§ **Problem description**
For this task, output every entry below exactly and omit the pictures.

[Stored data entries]
>>>>

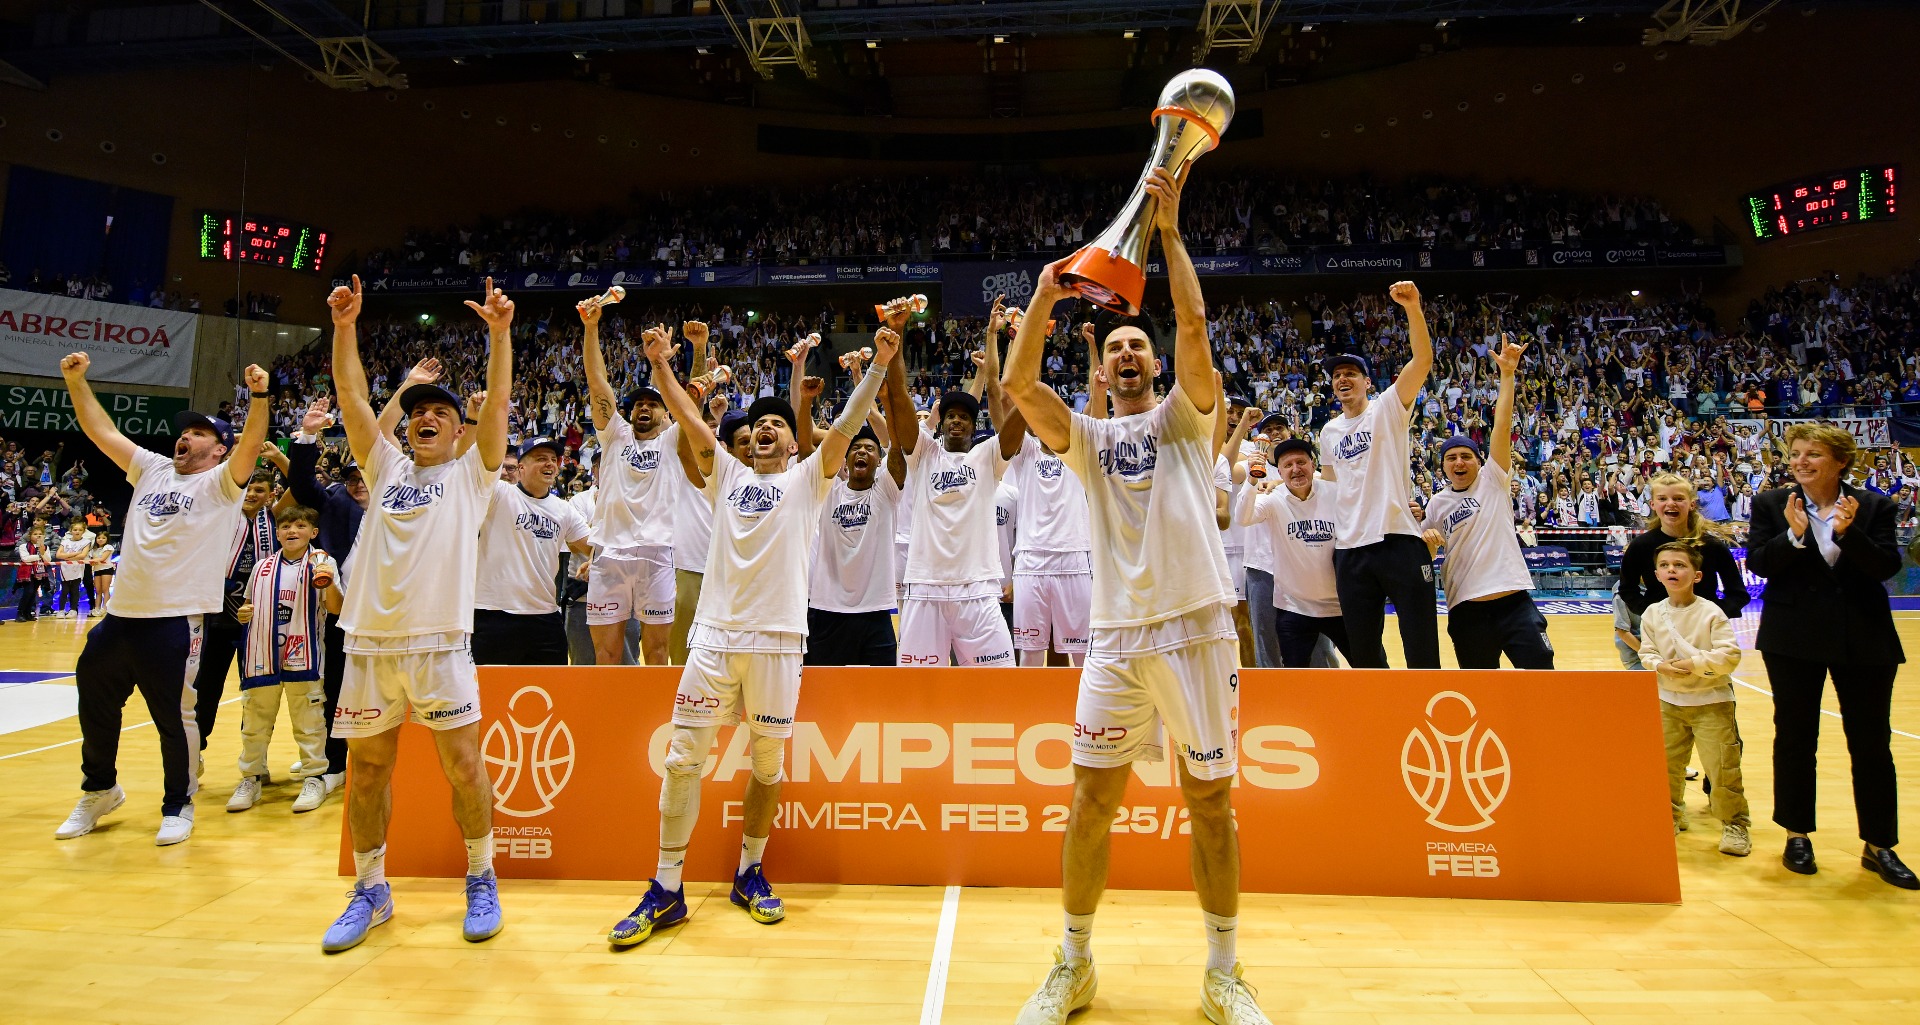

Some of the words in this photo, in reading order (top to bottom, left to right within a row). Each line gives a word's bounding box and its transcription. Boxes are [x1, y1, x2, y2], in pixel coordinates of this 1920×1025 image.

[1795, 187, 1808, 197] 85
[1833, 180, 1846, 190] 68
[244, 222, 257, 231] 85
[277, 227, 290, 237] 68
[1341, 256, 1402, 268] dinahosting
[1553, 251, 1592, 264] enova
[1605, 250, 1645, 263] enova
[867, 265, 897, 273] Británico
[392, 277, 433, 288] Fundación
[982, 269, 1031, 291] OBRA
[982, 283, 1032, 303] DOIRO
[4, 334, 55, 347] MINERAL
[58, 341, 109, 353] NATURAL
[112, 346, 126, 354] DE
[129, 348, 170, 357] GALICIA
[7, 386, 75, 408] SAID
[113, 395, 150, 413] DE
[3, 410, 171, 436] MERXCIA
[1288, 521, 1297, 536] EU
[1297, 519, 1313, 531] NON
[587, 602, 619, 612] BYD
[901, 653, 939, 665] BYD
[1229, 673, 1238, 692] 9
[676, 693, 720, 708] BYD
[334, 706, 382, 720] BYD
[434, 702, 472, 719] MONBUS
[760, 715, 793, 724] MONBU
[1073, 722, 1128, 741] BYD
[941, 804, 1030, 832] FEB
[491, 826, 553, 837] PRIMERA
[491, 837, 553, 859] FEB
[1425, 841, 1498, 853] PRIMERA
[1427, 854, 1501, 878] FEB

<<<<

§ **Your solution**
Some of the words in this photo, in reading order (top to bottom, left to right within a row). Each line gives a word's bounding box and its transcription. Boxes are [x1, y1, x2, y2], in pixel coordinates of this 1920×1025 image.

[1795, 187, 1808, 197] 85
[1833, 180, 1846, 190] 68
[244, 222, 257, 231] 85
[277, 227, 290, 237] 68
[1341, 256, 1402, 268] dinahosting
[1553, 251, 1592, 264] enova
[1605, 250, 1645, 263] enova
[867, 265, 897, 273] Británico
[392, 277, 433, 288] Fundación
[982, 269, 1031, 291] OBRA
[982, 283, 1032, 303] DOIRO
[4, 334, 55, 347] MINERAL
[58, 341, 109, 353] NATURAL
[112, 346, 126, 354] DE
[129, 348, 170, 357] GALICIA
[7, 386, 75, 408] SAID
[113, 395, 150, 413] DE
[3, 410, 171, 436] MERXCIA
[1288, 521, 1297, 536] EU
[1297, 519, 1313, 531] NON
[587, 602, 619, 612] BYD
[901, 653, 939, 665] BYD
[1229, 673, 1238, 692] 9
[676, 693, 720, 708] BYD
[334, 706, 382, 720] BYD
[434, 702, 472, 719] MONBUS
[760, 715, 793, 724] MONBU
[1073, 722, 1128, 741] BYD
[941, 804, 1030, 832] FEB
[491, 826, 553, 837] PRIMERA
[491, 837, 553, 859] FEB
[1425, 841, 1498, 853] PRIMERA
[1427, 854, 1501, 878] FEB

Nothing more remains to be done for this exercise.